7. 5. 2019
7. 5.
2019
Last month’s tax and legal news in a few sentences.
HOME NEWS IN BRIEF
- Ministry of Labour and Social Affair Notice No. 103/2019, announcing the amount of 50% of the average monthly wage for the purpose of life and subsistence minimum, and the amount of 50% and 25% of the average monthly wage for the purpose of state social support was published in the Collection of Laws. The ministry also issued Notice No. 104/2019 on the average gross annual wage in the CR for 2018 for the purpose of issuing blue cards under the Foreigners’ Residence Act.
- The new Personal Data Processing Act incorporating EU regulations into Czech law was published in the Collection of Laws under No. 110/2019. A number of other laws were amended in connection with this, by Act No. 111/2019 Coll.
- On its website, the GFD draws attention to a paper of the Coordination Committee of the General Financial Directorate and the Chamber of Tax Advisors in the CR answering the question of how to calculate a (partial) tax base – income from employment for employees covered by foreign social security regulations within the EU/EEA and Switzerland, from 1 January 2019.
- The General Financial Directorate published on its website Amendment No. 1 to the General Financial Directorate Information on Registrations for Value Added Tax.
- Financial Bulletin No. 3/2019 published by the Ministry of Finance contains:
- an overview of taxes and their parts for which personal tax accounts are maintained by the Customs Administration of the Czech Republic
- a list of customs offices’ bank account numbers (without prefixes).
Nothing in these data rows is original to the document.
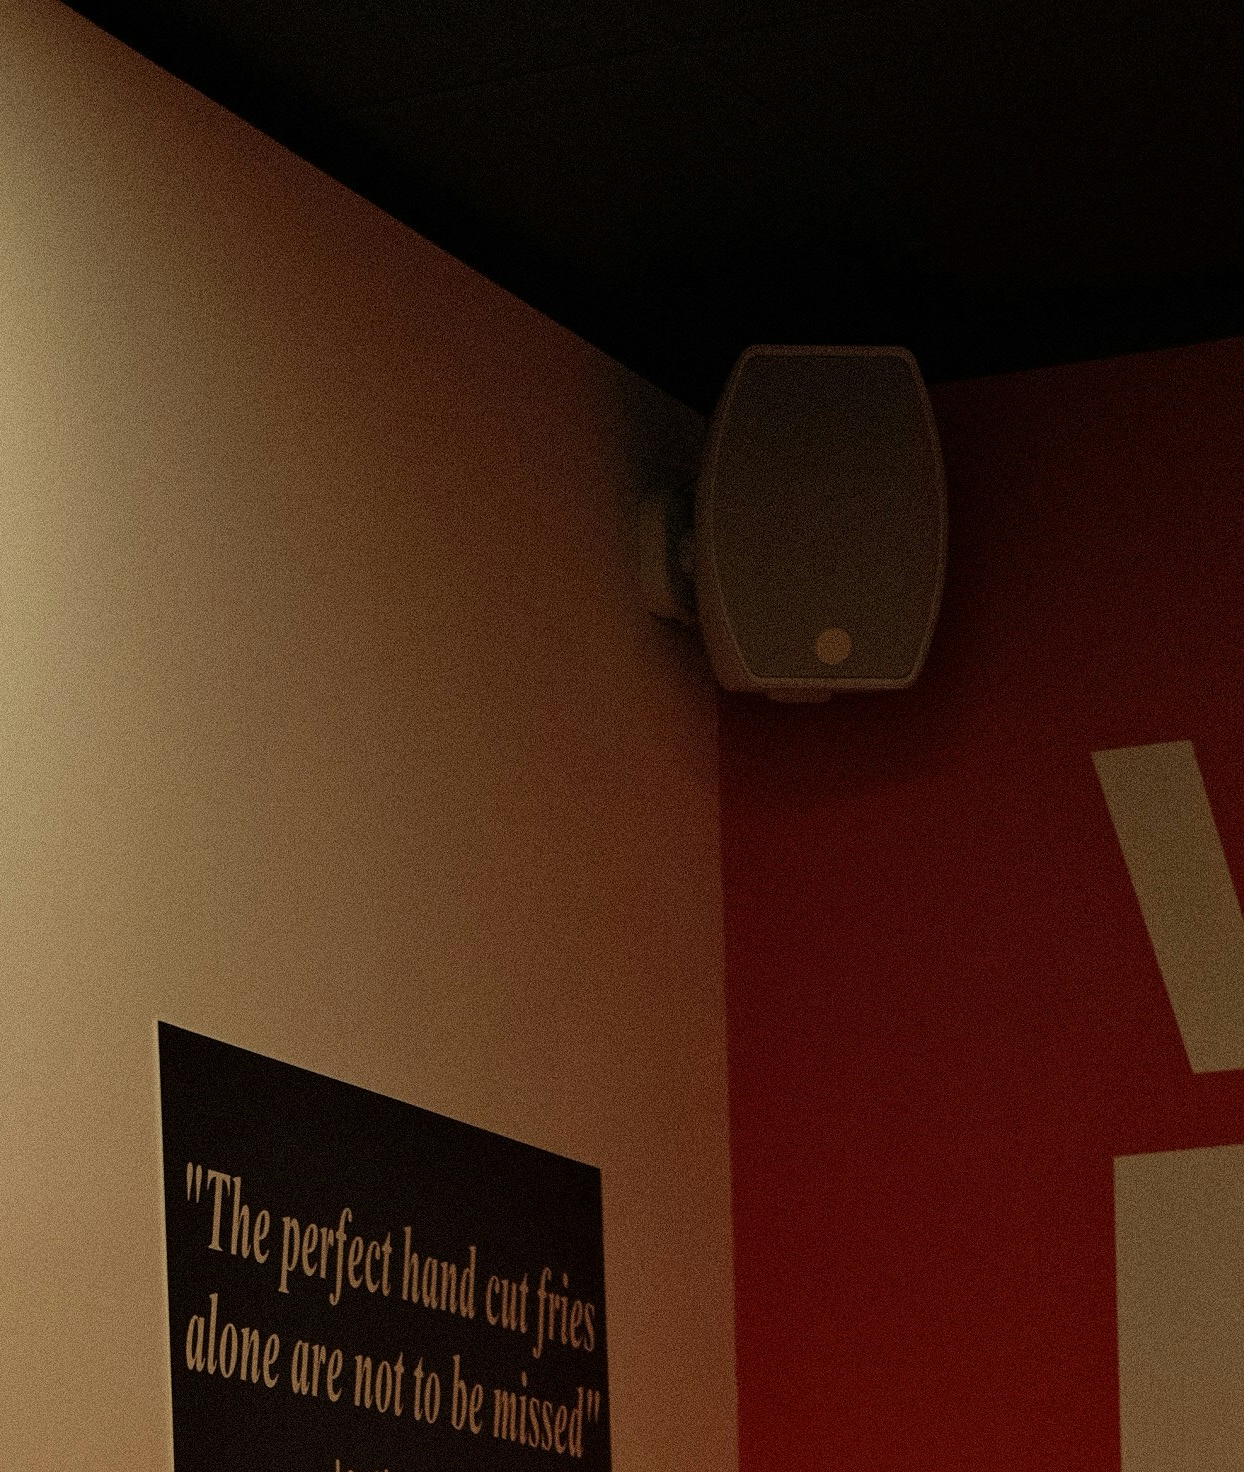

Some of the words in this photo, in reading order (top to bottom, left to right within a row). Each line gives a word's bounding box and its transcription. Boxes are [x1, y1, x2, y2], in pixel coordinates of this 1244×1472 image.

[187, 1164, 270, 1262] "The
[279, 1209, 391, 1304] perfect
[403, 1228, 475, 1316] hand
[487, 1278, 527, 1331] cut
[534, 1270, 593, 1356] fries
[186, 1295, 279, 1386] alone
[291, 1342, 342, 1400] are
[355, 1355, 404, 1414] not
[415, 1361, 440, 1422] to
[452, 1357, 482, 1432] be
[494, 1374, 599, 1455] missed"
- The Chamber of Deputies passed to the third reading the governmental proposal for an amendment to the Act on Electronic Reporting of Sales (EET) regulating the launch of the third and fourth reporting phase and introducing the option for smallest entrepreneurs to report their sales off-line. The proposal also includes an amendment to the VAT Act reducing the VAT rate for water and sewerage, meals (catering) and professional services, as well as electronic books, newspapers and magazines, and similar printed materials provided electronically. The third reading is expected to take place in the first half of May.
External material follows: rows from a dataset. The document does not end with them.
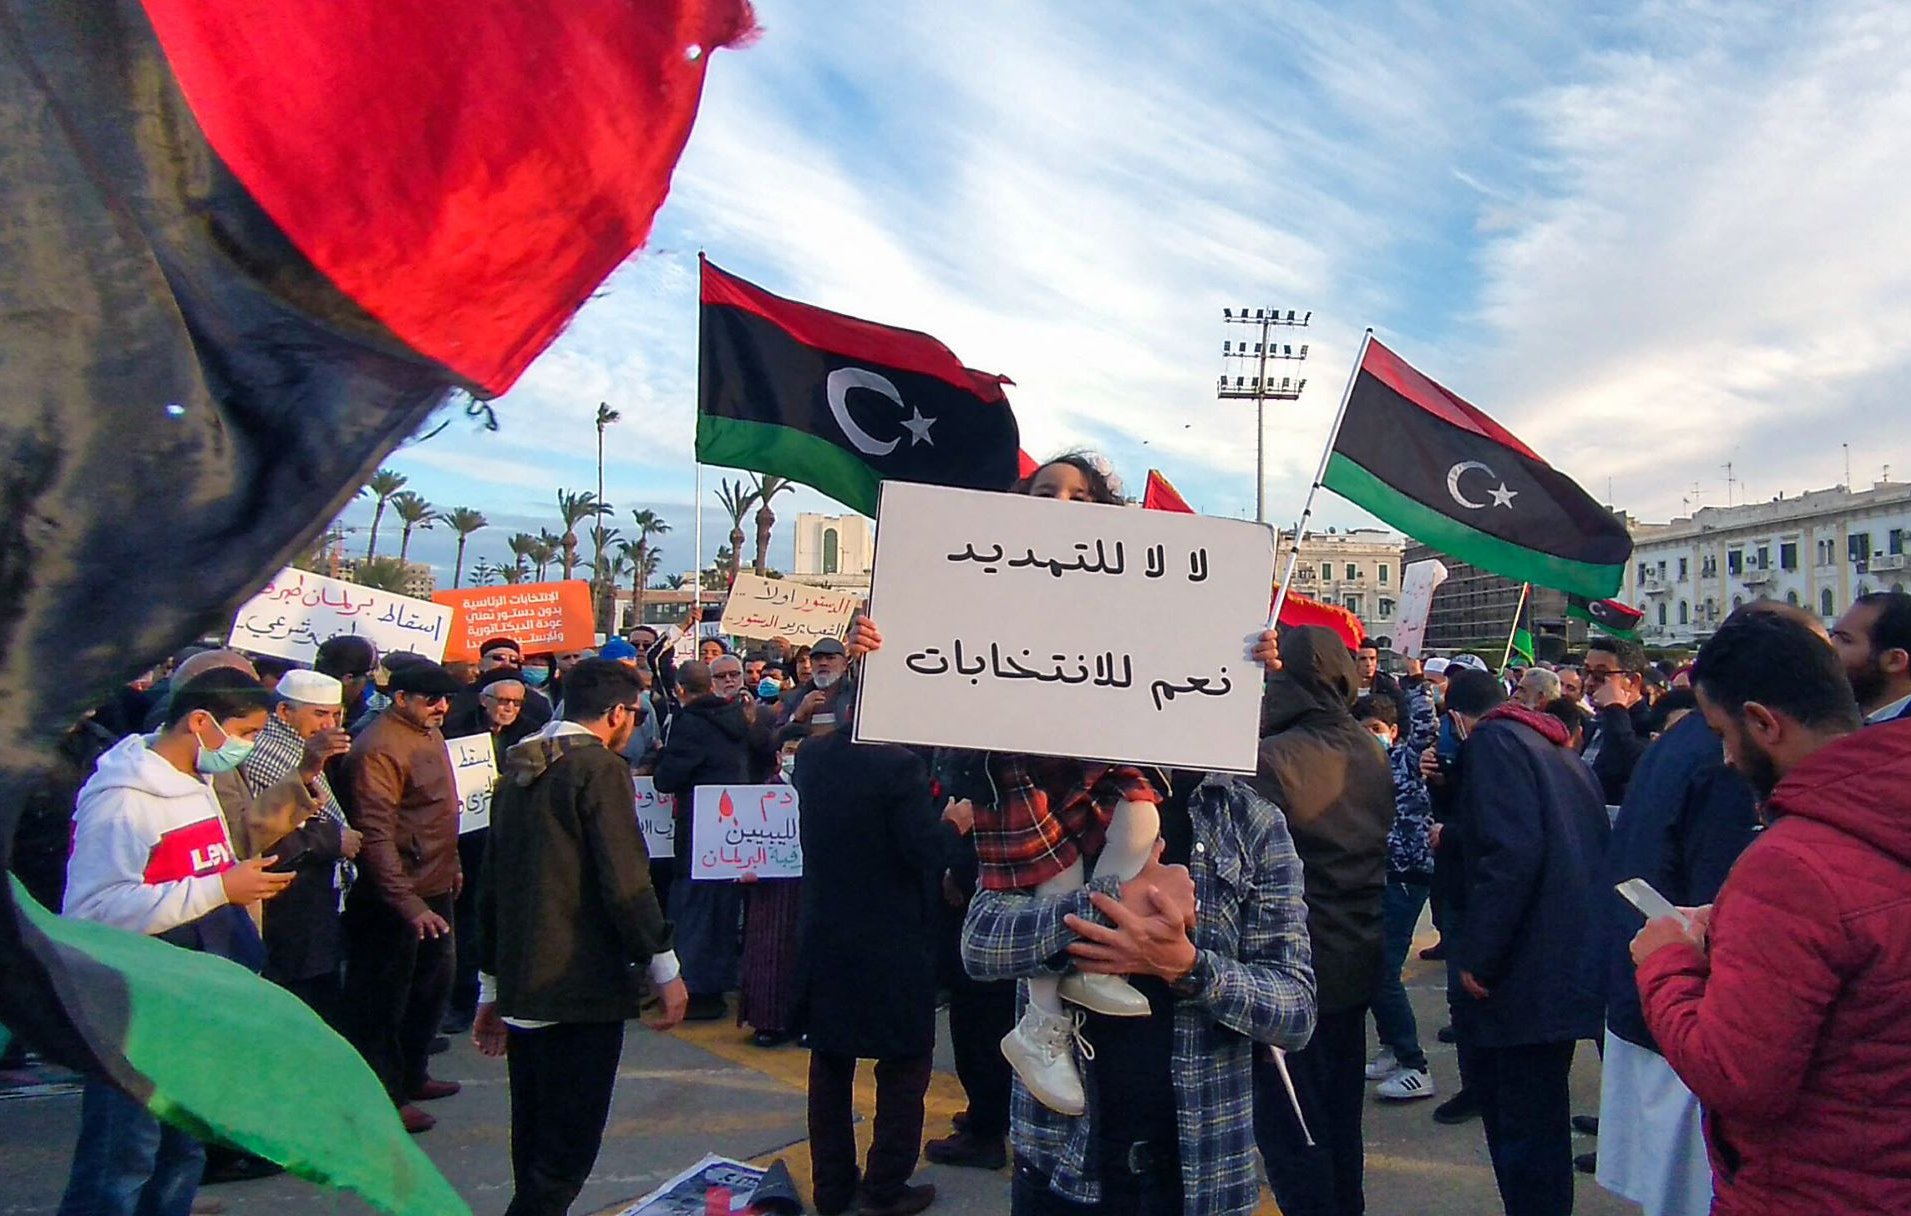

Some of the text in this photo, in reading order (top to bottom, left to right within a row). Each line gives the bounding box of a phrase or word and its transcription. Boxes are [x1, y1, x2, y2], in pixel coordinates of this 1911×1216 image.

[947, 539, 1208, 582] لا لا للتمديد
[302, 587, 373, 615] برلمان
[465, 606, 563, 625] بدون دستور تعني
[377, 602, 442, 641] اسقاط
[905, 639, 1232, 712] نعم للانتخابات
[459, 745, 493, 769] يسقط
[760, 790, 794, 822] دم
[702, 846, 768, 869] البرلمان
- The planned amendment to the Investment Incentives Act passed through the second reading on 17 April. As expected, the bill in its present wording defines an investment project with higher added value and significantly strengthens the government’s role in approving the applications for investment incentives. Following the amendment, an enormous decrease in the number of supported investment projects and a significant decrease in the volume of granted investment incentives are to be expected. The Economic Committee discussed the changes proposed in the second reading on 2 May. According to preliminary information, the amendment should already be relevant to applicants starting in the summer or autumn of this year.
- Deputies submitted to the chamber a draft amendment to the Income Tax Act aiming to reduce citizens’ tax burden by increasing the annual tax relief for each taxpayer from the present CZK 24 840 to CZK 30 000. The expected loss in tax collection is CZK 18.5 billion. The deputies’ bill also introduces a limit for the tax exemption of income from the sale of securities upon meeting the ‘time test’: the maximum amount to be exempt would be CZK 20 million per year.
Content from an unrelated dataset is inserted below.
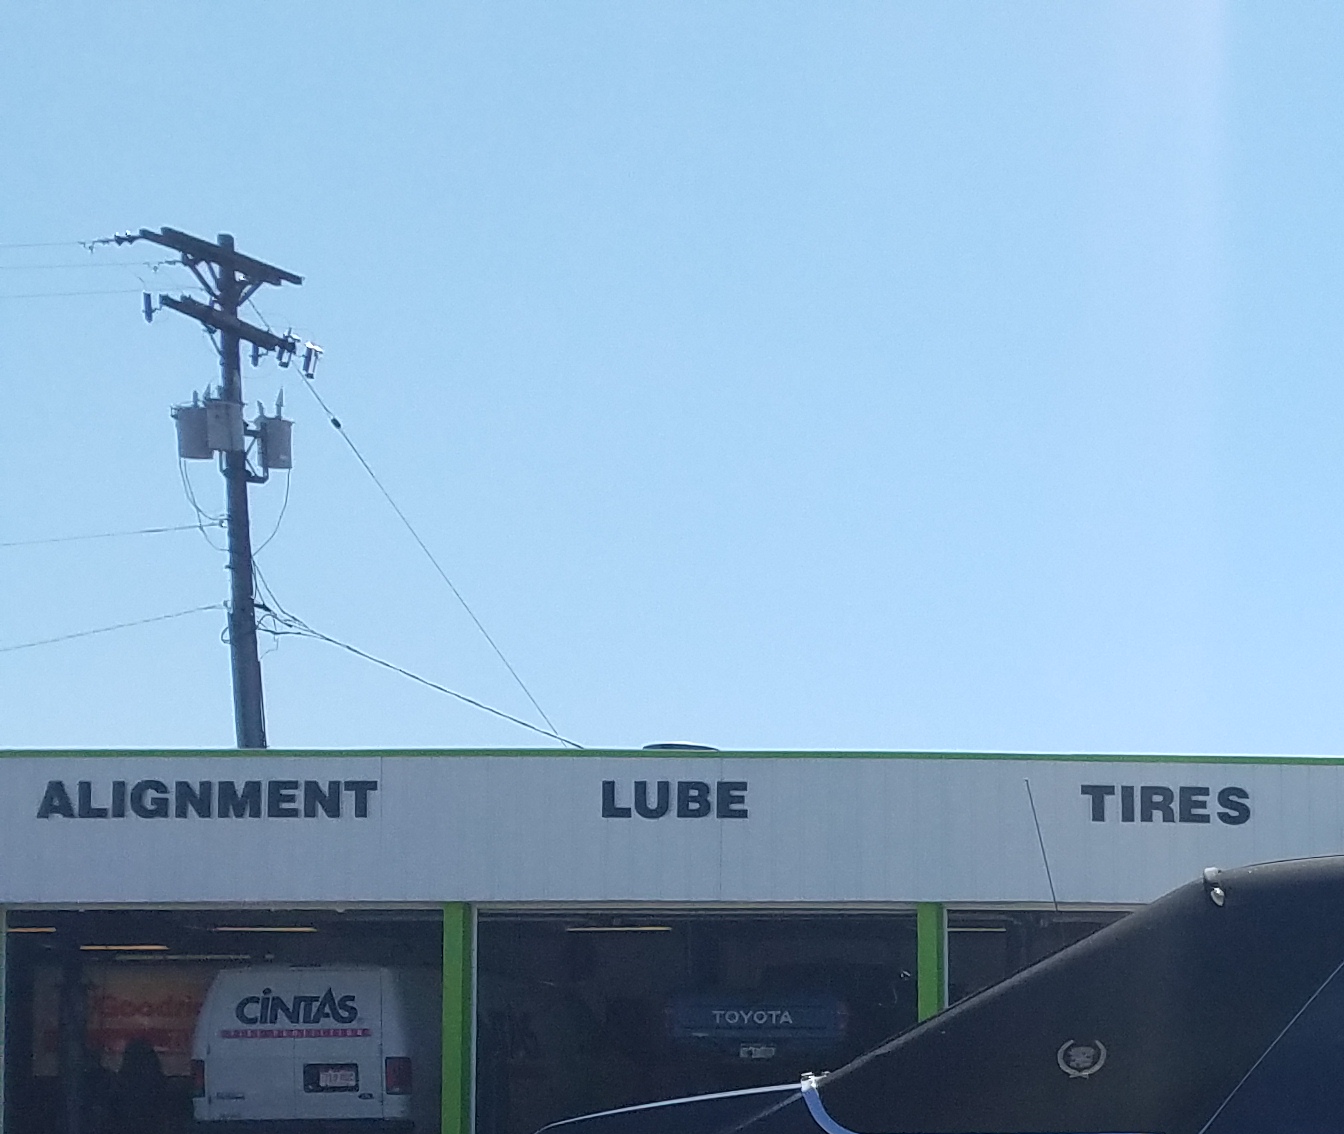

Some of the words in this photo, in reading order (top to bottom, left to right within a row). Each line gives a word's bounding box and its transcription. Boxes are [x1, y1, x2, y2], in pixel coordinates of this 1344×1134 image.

[36, 780, 379, 819] ALIGNMENT
[601, 780, 749, 819] LUBE
[1080, 784, 1251, 826] TIRES
[711, 1010, 793, 1024] TOYOTA
- A double taxation treaty with South Korea is awaiting its reading in the chamber; the senate has already agreed to the ratification. The same applies to the Multilateral Convention to Implement Tax Treaty Related Measures to Prevent Base Erosion and Profit Shifting (MLI).
- In April, the first reading of the Act on Prevention of Double Taxation in relation to Taiwan took place in the chamber.
WORLD NEWS IN BRIEF
- The deadline stipulated by the Treaty on European Union for the United Kingdom’s withdrawal from the EU was extended until 31 October 2019. Should the United Kingdom not arrange for the elections to the European Parliament and not ratify the withdrawal agreement by 22 May 2019, the validity of the extension shall terminate on 31 May 2019.
- Luxembourg has become yet another country that deposited with the depository (OECD) their ratification documents for the Multilateral Convention to Implement Tax Treaty Related Measures to Prevent Base Erosion and Profit Shifting (MLI). From 1 August 2019, it will start to apply the adopted measures vis-à-vis other countries that have also ratified the MLI.
- The French parliament has passed the introduction of a 3% tax on digital services, while the Austrian government has approved a 5% tax on digital services for income from internet advertising, within the first part of the package on the taxation of the digital economy.